Return the data below unaltered, but strip out the pictures.
[Opening RECORDS FOR THE TASK section]
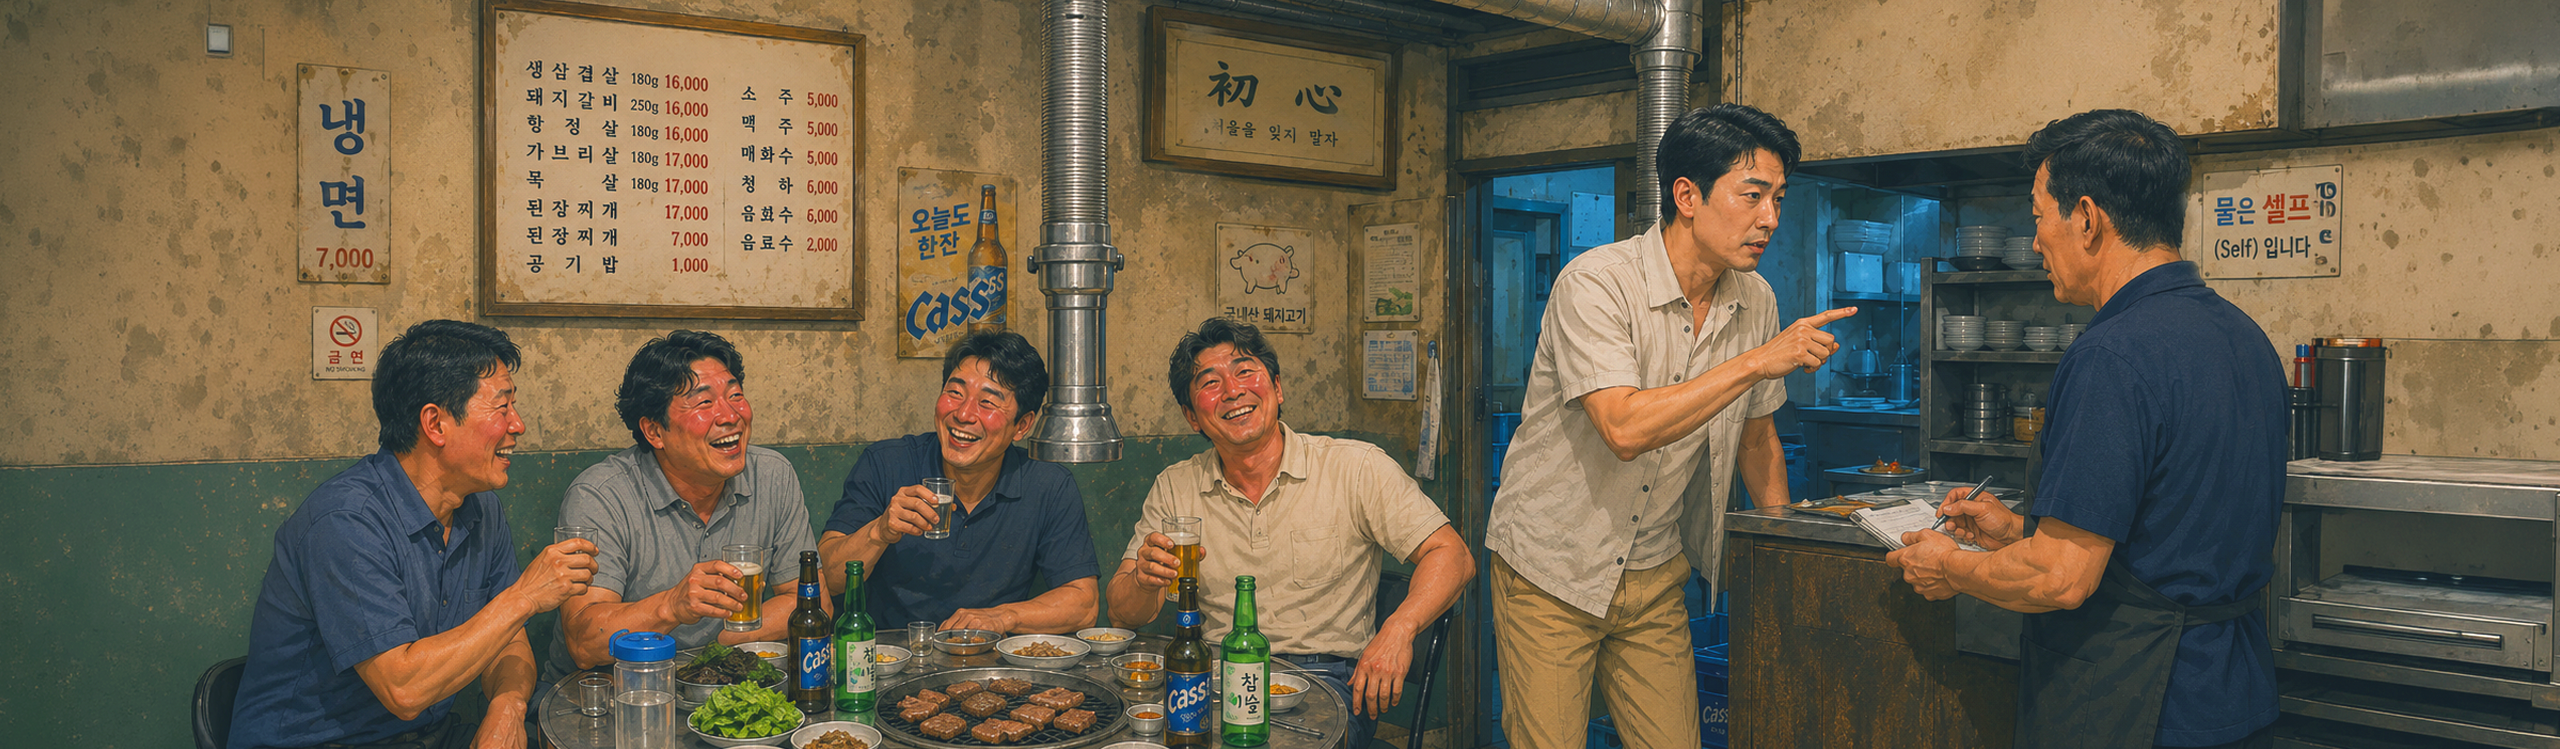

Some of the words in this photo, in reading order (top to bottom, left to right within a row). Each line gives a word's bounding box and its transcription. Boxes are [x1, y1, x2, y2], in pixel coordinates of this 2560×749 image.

[632, 73, 658, 88] 180g
[665, 75, 708, 91] 16,000
[631, 99, 658, 114] 250g
[665, 101, 708, 117] 16,000
[808, 92, 838, 108] 5,000
[632, 125, 658, 140] 180g
[665, 126, 708, 143] 16,000
[808, 122, 837, 137] 5,000
[1269, 125, 1295, 143] 잊지
[1310, 129, 1338, 147] 말자
[319, 98, 366, 229] 냉면
[632, 151, 658, 166] 180g
[665, 152, 708, 168] 17,000
[807, 151, 837, 166] 5,000
[632, 178, 658, 193] 180g
[665, 178, 708, 195] 17,000
[808, 180, 837, 195] 6,000
[666, 205, 708, 221] 17,000
[807, 209, 837, 224] 6,000
[910, 203, 970, 233] 오늘도
[2214, 197, 2255, 226] 물은
[2263, 194, 2311, 224] 셀프
[672, 232, 708, 247] 7,000
[807, 238, 837, 252] 2,000
[918, 231, 960, 260] 한잔
[2215, 238, 2258, 260] (Self)
[2264, 236, 2311, 259] 입니다
[317, 248, 373, 270] 7,000
[673, 258, 708, 273] 1,000
[906, 282, 990, 340] Cass
[1264, 308, 1305, 324] 돼지고기
[1167, 681, 1207, 714] Cass
[Closing RECORDS FOR THE TASK section]
* _ANSWER BOX_
Some of the words in this photo, in reading order (top to bottom, left to right within a row). Each line gives a word's bounding box and its transcription. Boxes are [x1, y1, x2, y2], in pixel coordinates of this 2560×749 image.

[632, 73, 658, 88] 180g
[665, 75, 708, 91] 16,000
[631, 99, 658, 114] 250g
[665, 101, 708, 117] 16,000
[808, 92, 838, 108] 5,000
[632, 125, 658, 140] 180g
[665, 126, 708, 143] 16,000
[808, 122, 837, 137] 5,000
[1269, 125, 1295, 143] 잊지
[1310, 129, 1338, 147] 말자
[319, 98, 366, 229] 냉면
[632, 151, 658, 166] 180g
[665, 152, 708, 168] 17,000
[807, 151, 837, 166] 5,000
[632, 178, 658, 193] 180g
[665, 178, 708, 195] 17,000
[808, 180, 837, 195] 6,000
[666, 205, 708, 221] 17,000
[807, 209, 837, 224] 6,000
[910, 203, 970, 233] 오늘도
[2214, 197, 2255, 226] 물은
[2263, 194, 2311, 224] 셀프
[672, 232, 708, 247] 7,000
[807, 238, 837, 252] 2,000
[918, 231, 960, 260] 한잔
[2215, 238, 2258, 260] (Self)
[2264, 236, 2311, 259] 입니다
[317, 248, 373, 270] 7,000
[673, 258, 708, 273] 1,000
[906, 282, 990, 340] Cass
[1264, 308, 1305, 324] 돼지고기
[1167, 681, 1207, 714] Cass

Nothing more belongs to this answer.